How to Raise Your Credit Score to Prepare for a Mortgage Loan

A low interest rate makes your dream house more affordable.

A low interest rate makes your dream house more affordable.

Now that you're a committed couple, one of the last things you want to do is to pay rent forever instead of building equity in a home of your own. When you're going to be in a particular city for at least a few years, buying a home there is usually a financially savvy choice. Because a mortgage is such a big loan, it's important to raise your credit score as much as you can before applying. That way, you'll get the lowest possible interest rate. This not only lowers your monthly payment, but also decreases the total cost of interest.

Get your credit reports for free through the Annual Credit Report website. You are eligible for a free report from each bureau each year.

Check all of the reports for errors and dispute any errors you find using the instructions provided on the credit report.

Call any lender that reported a late payment on your credit report and ask to have your account re-aged. If you have made at least one year of on-time payments since the late one, the lender will often erase the past late payment from your credit report, and that could boost your score.

Make payments to get current on any accounts listed as currently past due. Although this won't erase the late payments, it will reduce their negative impact on your credit score.
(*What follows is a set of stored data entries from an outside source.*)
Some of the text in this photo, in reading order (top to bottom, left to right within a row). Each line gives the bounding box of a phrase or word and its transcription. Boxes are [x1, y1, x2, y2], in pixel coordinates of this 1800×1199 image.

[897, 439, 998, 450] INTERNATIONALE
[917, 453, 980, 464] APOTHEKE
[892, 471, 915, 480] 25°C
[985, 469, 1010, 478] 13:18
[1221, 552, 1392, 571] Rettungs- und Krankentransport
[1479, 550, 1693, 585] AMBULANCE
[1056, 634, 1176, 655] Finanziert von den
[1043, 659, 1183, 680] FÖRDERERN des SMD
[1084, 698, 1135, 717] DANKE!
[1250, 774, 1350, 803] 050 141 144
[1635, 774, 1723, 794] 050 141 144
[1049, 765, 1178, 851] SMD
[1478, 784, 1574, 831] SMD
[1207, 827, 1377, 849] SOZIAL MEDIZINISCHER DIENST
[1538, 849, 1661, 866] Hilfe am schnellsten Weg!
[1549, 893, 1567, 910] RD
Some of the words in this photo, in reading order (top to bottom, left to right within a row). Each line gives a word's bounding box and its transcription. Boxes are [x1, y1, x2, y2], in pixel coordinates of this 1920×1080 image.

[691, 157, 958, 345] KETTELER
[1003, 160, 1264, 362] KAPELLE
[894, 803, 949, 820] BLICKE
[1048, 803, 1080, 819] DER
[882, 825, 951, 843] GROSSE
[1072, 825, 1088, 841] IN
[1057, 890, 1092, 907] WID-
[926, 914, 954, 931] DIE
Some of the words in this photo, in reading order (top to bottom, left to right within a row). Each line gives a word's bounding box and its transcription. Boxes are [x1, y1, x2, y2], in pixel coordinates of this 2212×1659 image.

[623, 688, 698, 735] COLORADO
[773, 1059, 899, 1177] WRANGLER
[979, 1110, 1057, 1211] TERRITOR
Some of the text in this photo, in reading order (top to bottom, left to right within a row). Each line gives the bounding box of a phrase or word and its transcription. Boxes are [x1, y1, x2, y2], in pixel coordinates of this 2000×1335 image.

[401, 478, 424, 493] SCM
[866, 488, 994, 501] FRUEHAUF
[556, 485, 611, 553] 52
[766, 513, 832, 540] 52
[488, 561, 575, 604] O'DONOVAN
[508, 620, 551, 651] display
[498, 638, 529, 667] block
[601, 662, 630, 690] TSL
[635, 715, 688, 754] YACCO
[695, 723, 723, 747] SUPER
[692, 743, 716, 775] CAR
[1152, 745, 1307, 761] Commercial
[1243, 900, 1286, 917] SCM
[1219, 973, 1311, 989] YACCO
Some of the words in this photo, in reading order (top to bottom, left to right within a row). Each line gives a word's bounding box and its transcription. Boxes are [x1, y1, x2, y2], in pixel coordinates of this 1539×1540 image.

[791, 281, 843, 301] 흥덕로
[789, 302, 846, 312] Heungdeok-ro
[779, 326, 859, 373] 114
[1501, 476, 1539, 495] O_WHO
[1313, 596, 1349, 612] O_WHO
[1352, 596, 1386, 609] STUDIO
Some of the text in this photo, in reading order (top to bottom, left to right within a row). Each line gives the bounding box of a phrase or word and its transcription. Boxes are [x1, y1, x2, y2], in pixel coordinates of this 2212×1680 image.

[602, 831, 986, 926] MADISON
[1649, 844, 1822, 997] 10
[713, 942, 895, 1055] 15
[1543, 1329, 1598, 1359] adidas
Pay down your balances on your credit cards to decrease your credit utilization ratios. Ideally, your balance on each card should be no more than 30 percent of that card's credit limit.

Call your credit card companies and ask for credit limit increases. Having a larger limit is another way to reduce your credit utilization ratio.

Use old credit cards to make small purchases and pay them off right away. Inactive credit card accounts do not factor as highly into your credit score, so posting some activity will ensure your years of credit history count to their full potential.

Do all of your rate shopping for a mortgage during a two-week time period so all of the credit inquiries related to the mortgage only count once on your credit report.


  • A credit score of 760 or higher generally qualifies you for the best mortgage interest rates. Once your score has reached that point, further improvements won't have an impact on your rates.
  • Getting married doesn't change your credit scores or give you a joint score. Check your individual scores and work to improve each of them, because they'll both count on your mortgage.


  • Wait to take on additional debt until after you buy the house. Adding a new credit card or car loan to your credit report just before getting a mortgage will put a significant dent in your score.